Friday, August 19, 2016

Man On A Swing

I like the matter-of-fact approach that director Frank Perry (MOMMIE DEAREST) takes with police chief Lee Tucker’s (Cliff Robertson) murder investigation of a young woman in 1974's MAN ON A SWING.

Perry filmed MAN ON A SWING in an actual small New England city on what appear to be practical sets (the police station is in a dingy basement). He uses long lenses to show his actors in realistic landscapes crowded with extras to emphasize the grounded environment in which the mystery is set.

It also helps the audience put Franklin Wells (Joel Grey) into the proper perspective. Tucker doesn’t investigate many murders, and this one is tricky. Margaret Dawson (Dianne Hull) vanished after buying groceries at a busy shopping center. A day later, she turned up in the center’s parking lot on the floor of her Volkswagen. She had been strangled, but not raped, with a single drop of blood on her bosom.

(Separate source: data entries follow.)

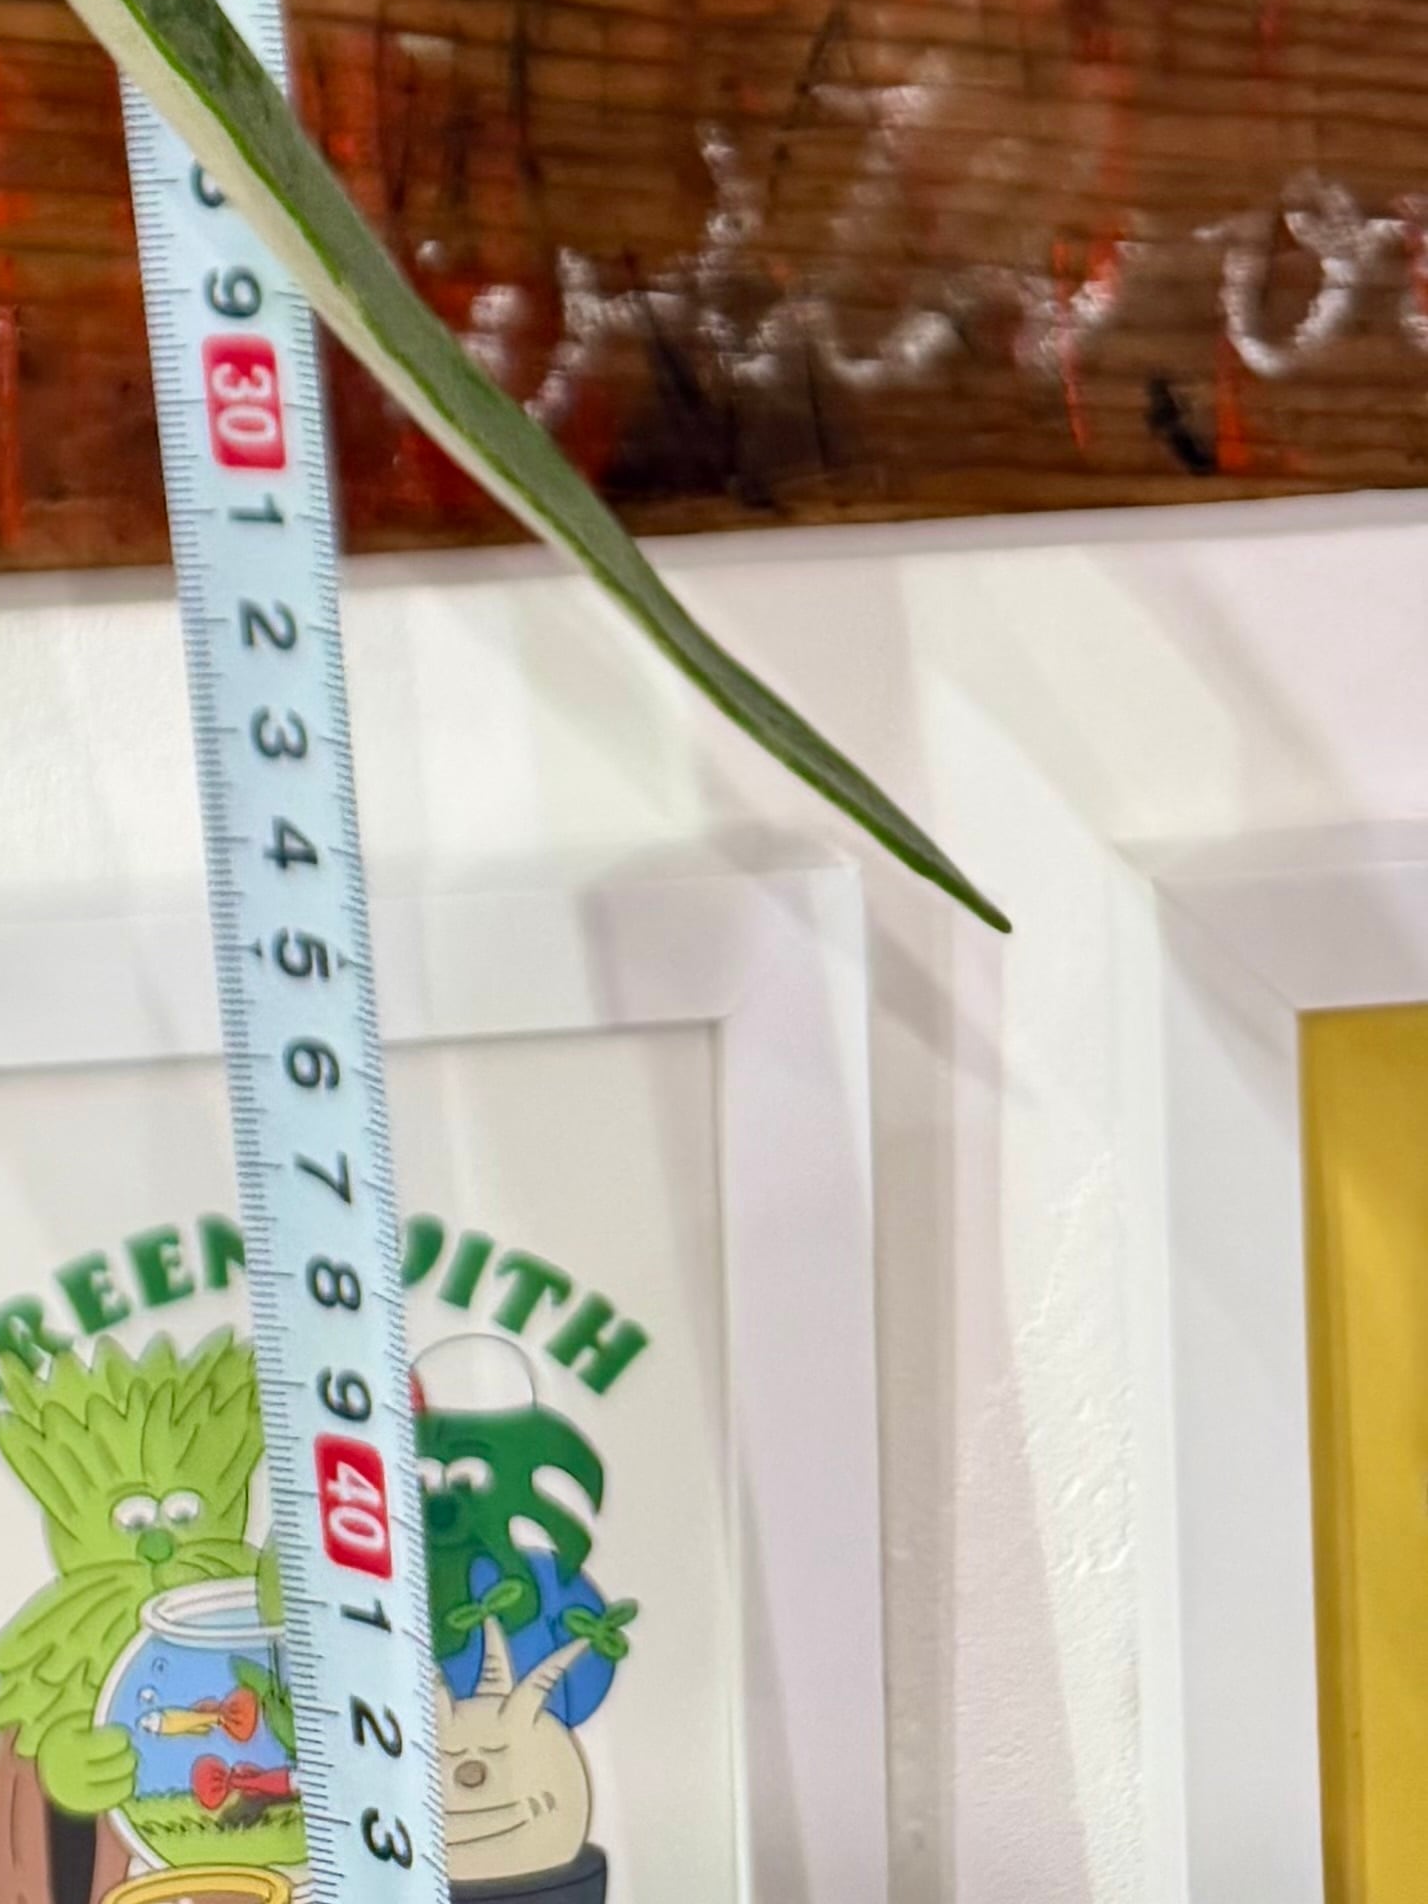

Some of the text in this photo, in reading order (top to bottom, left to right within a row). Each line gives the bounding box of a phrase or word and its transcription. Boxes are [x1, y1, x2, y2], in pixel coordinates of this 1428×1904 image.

[204, 265, 262, 319] 9
[210, 363, 278, 444] 30
[229, 494, 285, 527] 1
[239, 598, 298, 652] 2
[249, 706, 308, 761] 3
[263, 815, 320, 871] 4
[271, 926, 331, 984] 5
[281, 1036, 341, 1092] 6
[292, 1151, 353, 1206] 7
[305, 1254, 362, 1313] 8
[316, 1366, 373, 1425] 9
[325, 1459, 387, 1551] 40
[339, 1598, 393, 1636] 1
[350, 1695, 404, 1760] 2
[360, 1807, 413, 1870] 3

After encountering a few dead ends, including Maggie’s former boyfriend played by future Buck Rogers Gil Gerard, Tucker receives a phone call from Wells, who claims to be clairvoyant. Wells knows things about the murder that nobody else could have, such as the prescription sunglasses that Tucker found in her purse. He’s also a strange guy who falls into trances (or so he says), fidgets, bounces around the room, and occasionally displays a sharp temper.

Maybe he’s the killer.

David Zelag Goodman (STRAW DOGS) based his screenplay on an actual 1968 case, which was chronicled in THE GIRL ON THE VOLKSWAGEN FLOOR by William Clark, the Ohio journalist who covered it. Barbara Ann Butler’s real-life murder was never officially solved. That conclusion just wouldn’t do for a Paramount drama, so Perry gives us a killer. He also knows how to ratchet up the suspense when he needs to, and MAN ON A SWING is damn creepy in spots.

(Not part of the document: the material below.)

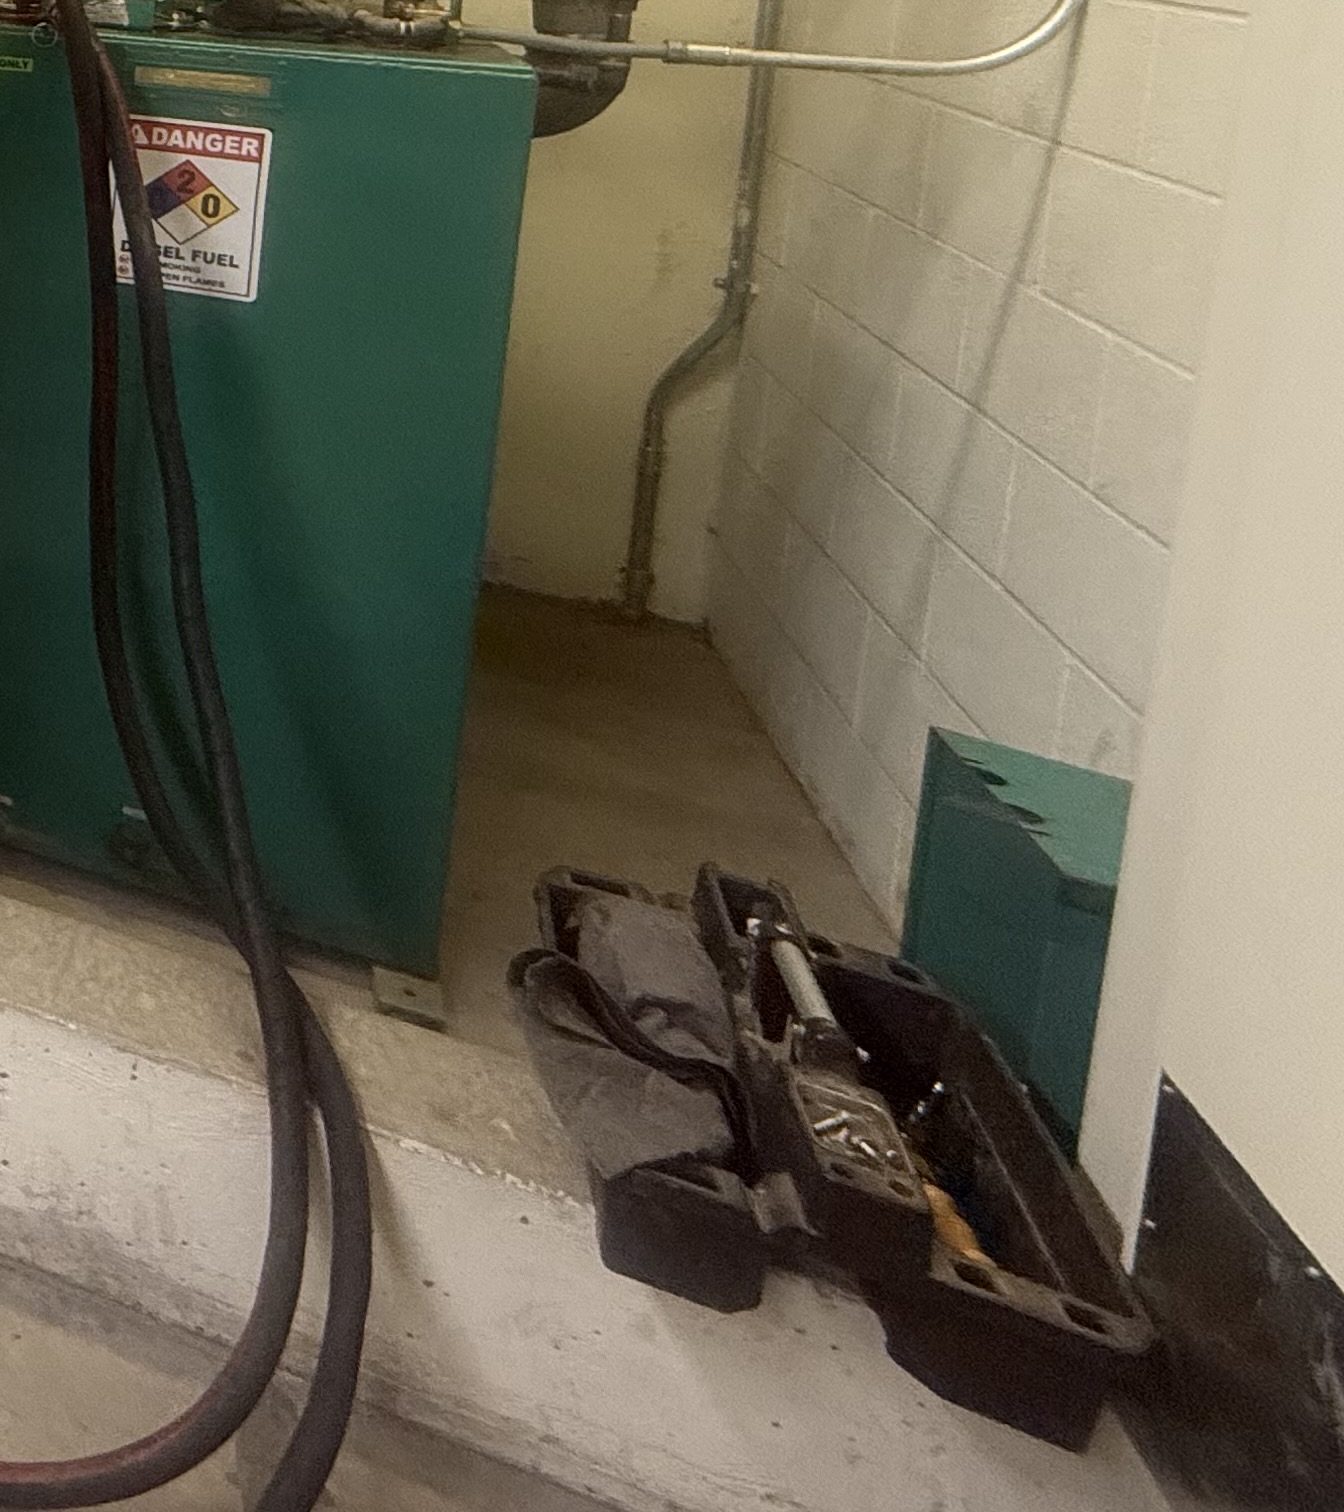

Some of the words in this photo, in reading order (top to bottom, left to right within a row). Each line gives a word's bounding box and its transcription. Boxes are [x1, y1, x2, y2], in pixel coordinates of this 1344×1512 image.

While Grey (CABARET) has the showier part, to say the least, it’s Robertson (CHARLY) who has the more important job of making us believe that Wells could possibly be psychic. His Lee Tucker is patient, calm, tolerant, but not naive.

2 comments:

Bill O said...

There were contemporary reports of real animosity between Robertson and Grey. In those days such info was still usually kept from the public.

Grant said...

I've only seen it twice, quite some time ago, but I remember the coolness between the two characters being very convincing. So maybe there's something to those stories.